Activity: Leave the pictures out and give every entry again exactly.

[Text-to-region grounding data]
Segment Open

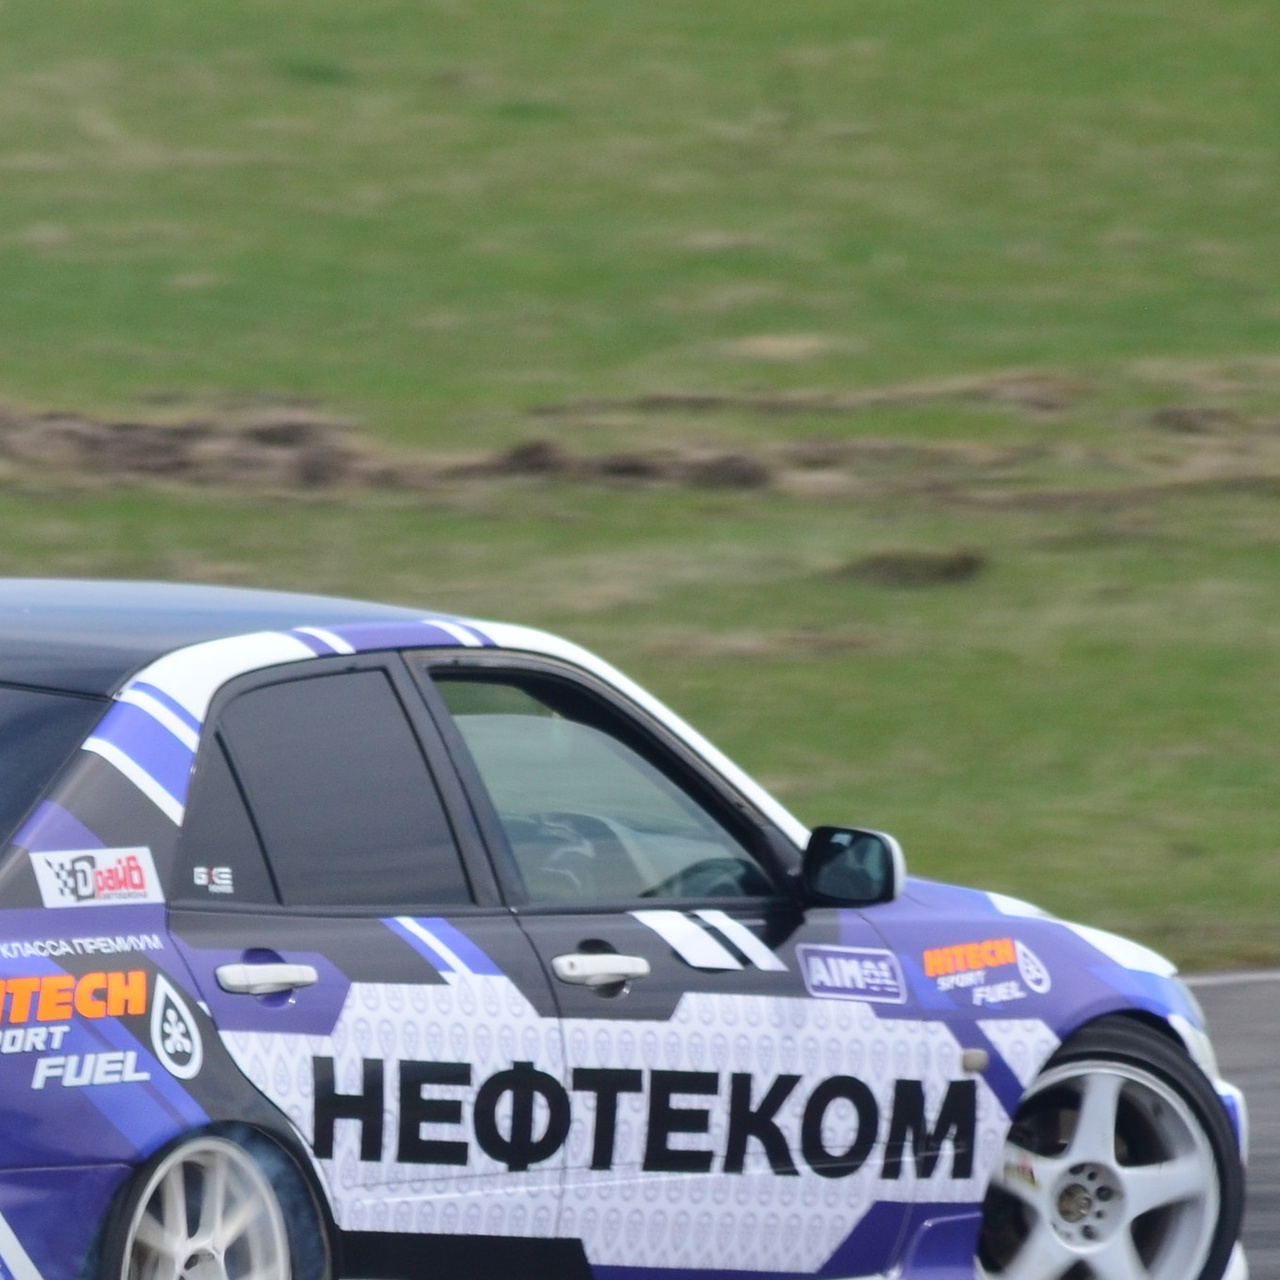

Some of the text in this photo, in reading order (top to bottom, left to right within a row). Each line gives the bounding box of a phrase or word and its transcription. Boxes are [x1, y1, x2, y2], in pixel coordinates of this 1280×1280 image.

[72, 933, 164, 956] ПРЕМИУМ
[923, 937, 1017, 977] HITECH
[936, 970, 986, 992] SPORT
[972, 980, 1027, 1006] FUEL
[31, 1051, 151, 1090] FUEL
[311, 1055, 977, 1180] НЕФТЕКОМ
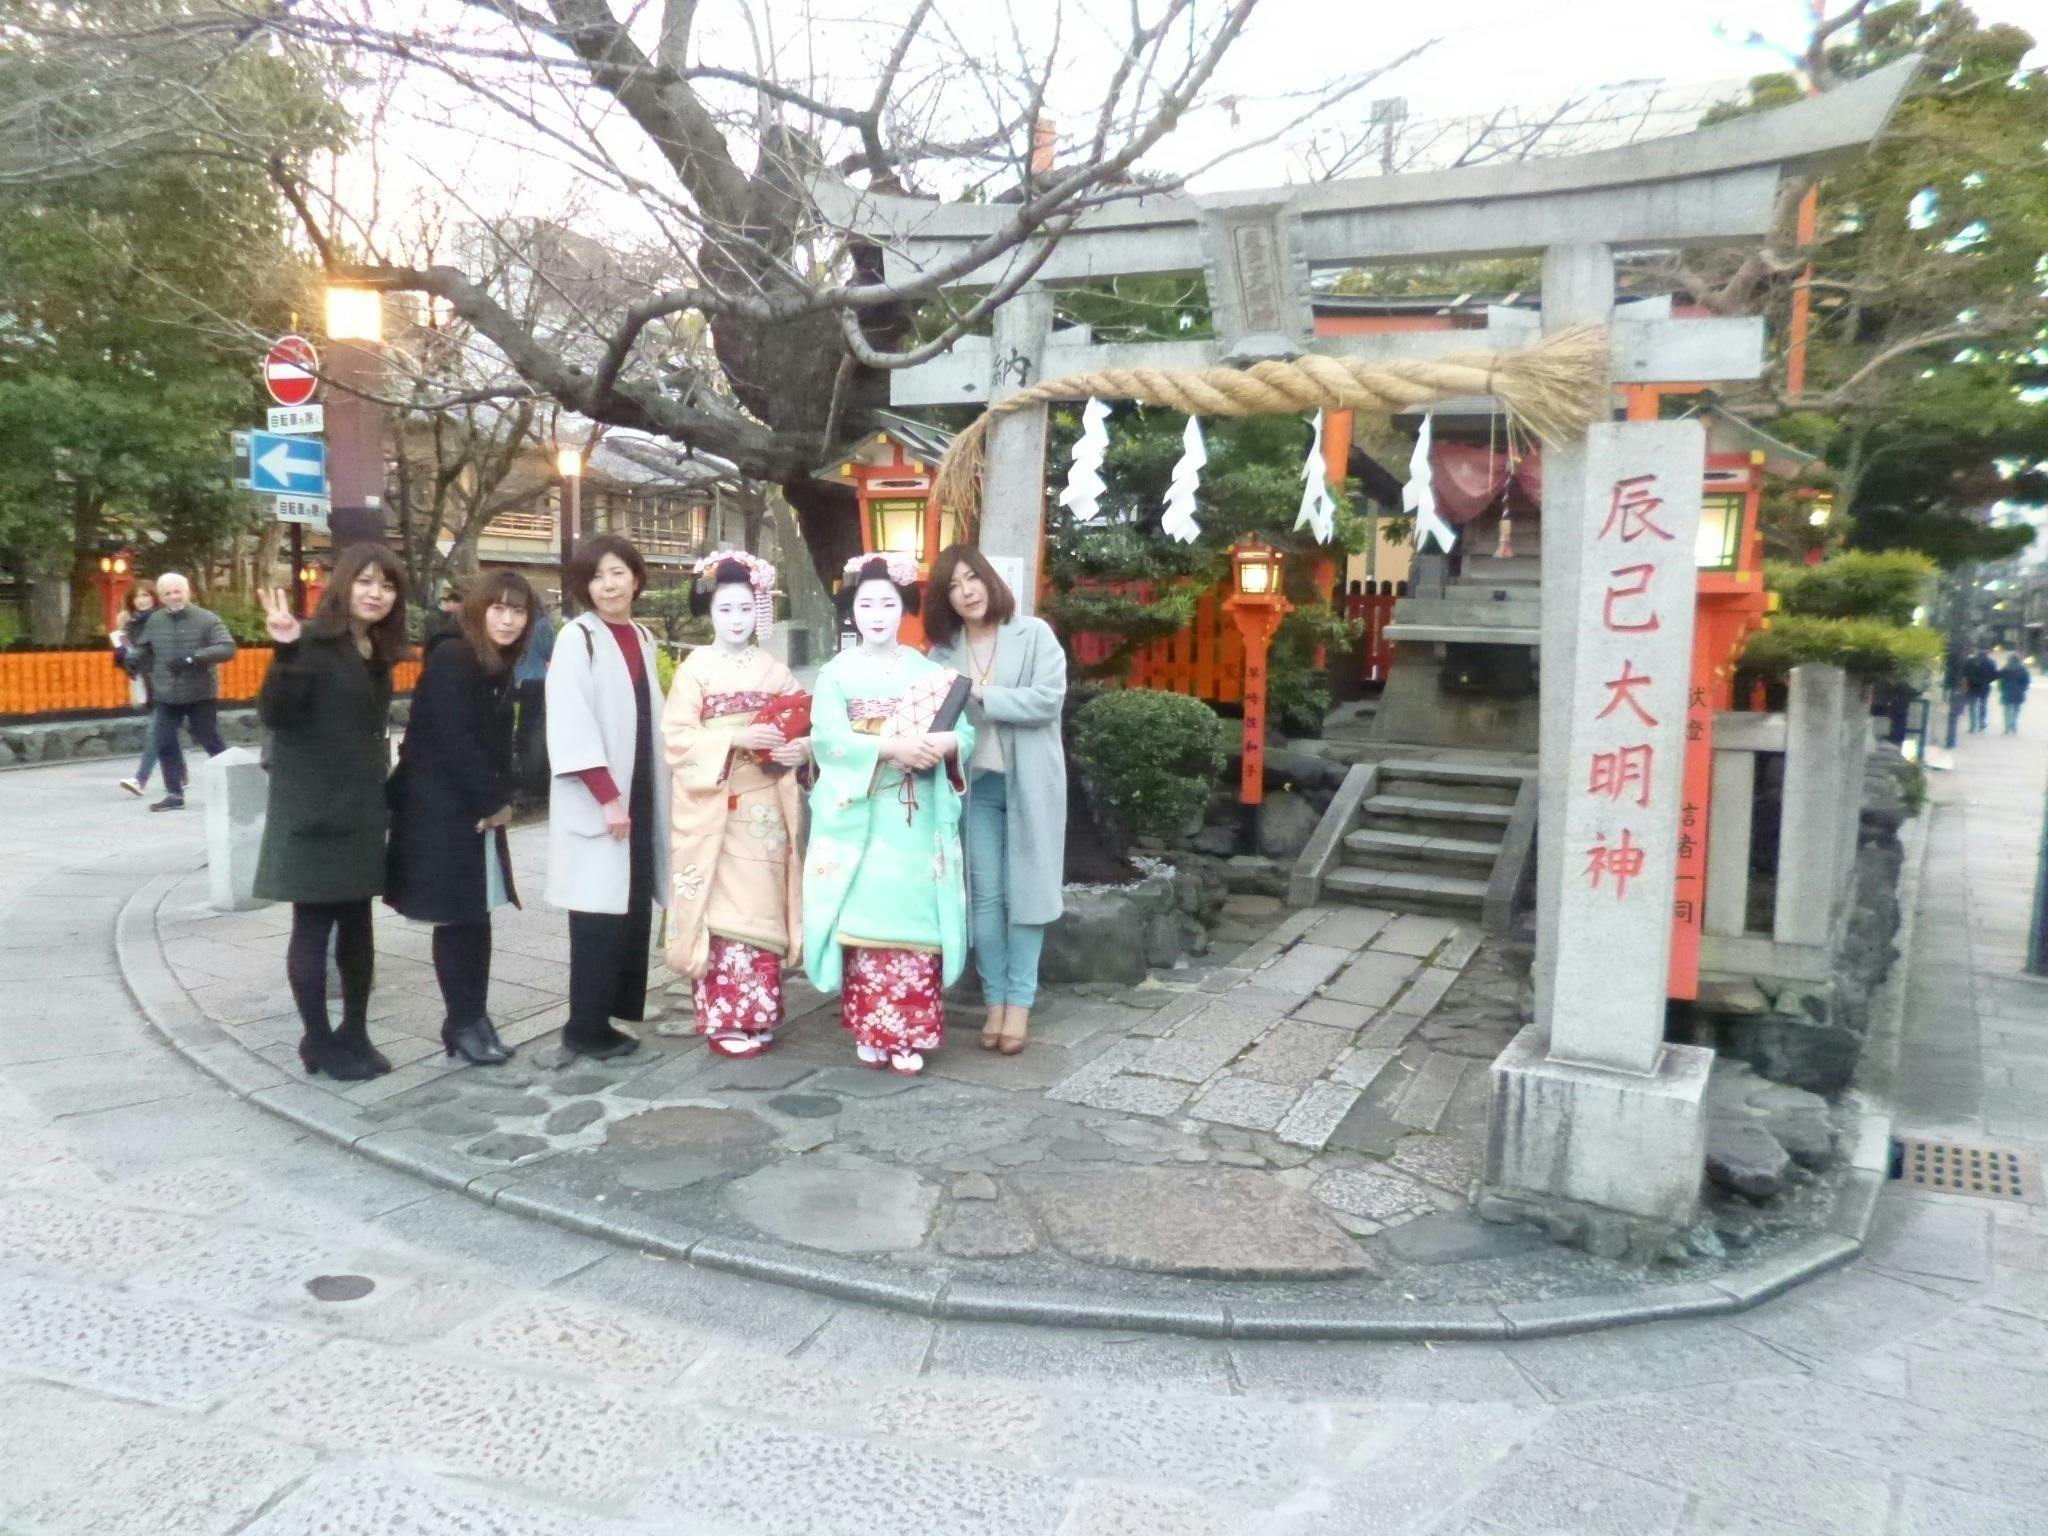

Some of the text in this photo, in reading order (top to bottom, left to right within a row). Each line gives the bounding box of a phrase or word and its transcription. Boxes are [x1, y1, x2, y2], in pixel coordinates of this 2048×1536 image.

Segment Closed

Solution to this task:
Some of the text in this photo, in reading order (top to bottom, left to right within a row). Each line gives the bounding box of a phrase or word and its transcription. Boxes are [x1, y1, x2, y2], in pixel coordinates of this 1280×1280 image.

[72, 933, 164, 956] ПРЕМИУМ
[923, 937, 1017, 977] HITECH
[936, 970, 986, 992] SPORT
[972, 980, 1027, 1006] FUEL
[31, 1051, 151, 1090] FUEL
[311, 1055, 977, 1180] НЕФТЕКОМ

Some of the text in this photo, in reading order (top to bottom, left to right within a row). Each line gives the bounding box of a phrase or word and its transcription. Boxes are [x1, y1, x2, y2], in pixel coordinates of this 2048×1536 image.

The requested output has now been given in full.